Evacuees have been holding meetings once a week in a temporary meeting room in the building since September 2011. Two and a half years after the accident, more than 30 people still attend the weekly meeting called Kirasse (meaning “welcome”) Salon. In the salon, elderly people take care of children and listen to young mothers’ worries.
“I feel relaxed coming here, looking at children’s smiling faces,” says Norio Takamatsu, 66, who had been engaged in farming in Okuma, Fukushima, before the accident. A mother in her 30s who evacuated from Kawauchi, Fukushima, says although the government does not give her sufficient explanation, she appreciates the fact that she can obtain various pieces of information in the meeting. The salon is offering emotional support to evacuees.

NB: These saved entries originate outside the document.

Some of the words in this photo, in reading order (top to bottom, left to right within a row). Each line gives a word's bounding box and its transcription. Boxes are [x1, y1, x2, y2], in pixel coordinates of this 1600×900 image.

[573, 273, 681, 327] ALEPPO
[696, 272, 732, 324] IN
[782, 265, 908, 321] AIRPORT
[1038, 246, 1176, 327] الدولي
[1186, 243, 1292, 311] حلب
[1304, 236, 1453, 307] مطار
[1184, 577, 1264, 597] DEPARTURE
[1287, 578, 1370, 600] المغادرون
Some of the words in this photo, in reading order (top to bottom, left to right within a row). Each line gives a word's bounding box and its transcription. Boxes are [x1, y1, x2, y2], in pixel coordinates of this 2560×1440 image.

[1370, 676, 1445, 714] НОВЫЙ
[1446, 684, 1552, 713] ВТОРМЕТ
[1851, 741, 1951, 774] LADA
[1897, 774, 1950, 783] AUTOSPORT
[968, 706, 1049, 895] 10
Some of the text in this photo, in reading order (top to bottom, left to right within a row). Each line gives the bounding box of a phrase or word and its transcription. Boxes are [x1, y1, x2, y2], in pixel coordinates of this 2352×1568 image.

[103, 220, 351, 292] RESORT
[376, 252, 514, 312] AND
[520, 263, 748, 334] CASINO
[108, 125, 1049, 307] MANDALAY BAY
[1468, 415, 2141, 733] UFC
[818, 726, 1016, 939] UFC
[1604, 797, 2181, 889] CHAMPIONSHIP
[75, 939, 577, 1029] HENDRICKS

The salon is operated by the Nakano Council of Social Welfare. Evacuees are also working there as staffs, offering legal consultations and job application information to other evacuees. “We were able to continue the salon with the help of the residents’ association and volunteers,” says council staff Yu Miyajima, 24. “We hope the salon will continue to be a fun place where people can meet and speak in their own dialect.”
Nevertheless, all the people who gather at the salon are carrying great burdens of worries hidden behind their smiles. When can they return home? Will they be able to start farming again? How will the children’s future turn out?
“I want to return to Fukushima to be near my parents (who still live there), but I don’t want to go back when I think of my daughter,” says Hiromi Ishizawa, 36, who evacuated to Tokyo from Minamisoma, Fukushima. “I fear my daughter would be discriminated in the future because she is from Fukushima,” Ishizawa says, holding her less-than-a-year-old daughter in her arms. She cannot imagine a bright future even two and a half years have passed since the accident.
She returns to Fukushima once a month to show her daughter to her parents, but transportation costs are giving her a burden, as roads to her parents’ house are still not reconstructed and she cannot take the shortest route.
Some of the other evacuees have not returned to Fukushima at all, as they cannot drive.
Evacuees are also facing housing problems. Many of the people who evacuated to Nakano are living in municipally-owned housings, and under the current system, public subsidies are available only for three years after moving in. The municipal governments of the disaster-hit areas and areas which accept evacuees are discussing extending the subsidies, but the people are worried because they are not sure whether they have to leave or pay the regular amount of rent after three years.
“The whole town is talking about nothing else but the (2020 Tokyo) Olympics,” says Ishizawa. “People are forgetting about disaster victims who are still suffering.”